3. Work conditioning may not begin after 365 days have elapses following the injury without a comprehensive interdisciplinary evaluation to establish eligibility.
PROGRAM PROVIDER RESPONSIBILITY
1. The employer and/or carriers shall be notified prior to initiation of the program.
2. The need for a program shall be established by a work conditioning assessment performed by a work conditioning provider.
3. The program shall be provided by or under the direct supervision of a work conditioning provider.
4. The work conditioning provider shall document all evaluations, services provided, client progress, and discharge plans.

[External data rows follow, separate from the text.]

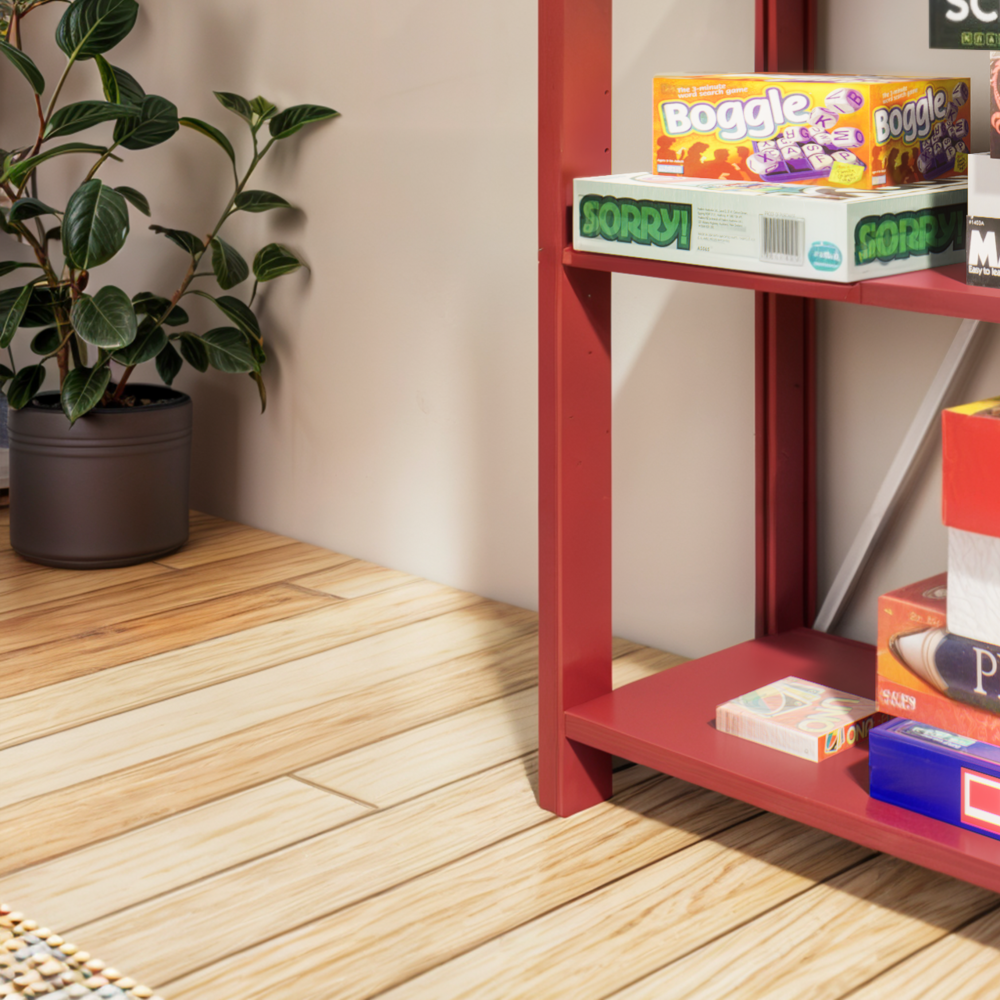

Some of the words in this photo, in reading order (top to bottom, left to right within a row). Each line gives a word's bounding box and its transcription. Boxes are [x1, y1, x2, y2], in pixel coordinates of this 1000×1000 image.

[678, 91, 698, 99] word
[699, 89, 724, 97] search
[726, 87, 748, 96] game
[692, 83, 726, 92] 3-minute
[662, 86, 811, 141] Boggle
[874, 85, 946, 143] Boggle
[580, 196, 691, 248] SORRY!
[968, 265, 983, 276] Easy
[983, 267, 990, 275] to

Information shall be available to the client/patient, employer, other professional providers, insurance carriers, and any referral source with appropriate authorization.
5. The work conditioning provider shall develop and utilize a program evaluation system designed to assess, at a minimum, patient care outcomes, as well as program effectiveness and efficiency.
WORK CONDITIONING PROGRAM CONTENT
1. Assessment of specific job requirements in relation to program goals.
2. Development of strength, endurance, movement, flexibility, and motor control related to the performance of work tasks.
3. Practice, modification, and instruction in simulated or work relevant activities.
4. Education related to safe job performance and injury prevention.
5. Promotion of client responsibility and self-management.
6. Work conditioning programs are usually provided in multi-hour sessions available five days a week for a duration of two to eight weeks.
PROGRAM TERMINATION
1. The client shall be discharged from work conditioning when the goals for the client have been met.
2. Work conditioning shall be discontinued when any of the following occur:
a. The client has or develops psychosocial or vocational problems, which are not being addressed.
b. There are few medical contraindications.
c. The client demonstrates a lack of willingness to participate.
d. The client fails to comply with the requirements of participation.
e. The client has plateaued prior to meeting goals and there is no further progress.
3. When the client is discharged or discontinued from the work conditioning program, the work conditioning provider shall notify the employer, insurance carrier and/or any referral source, and include the following information:
a. Current clinical status and degree of restoration.
b. Recommendations regarding return to work.
c. Recommendations for follow-up services.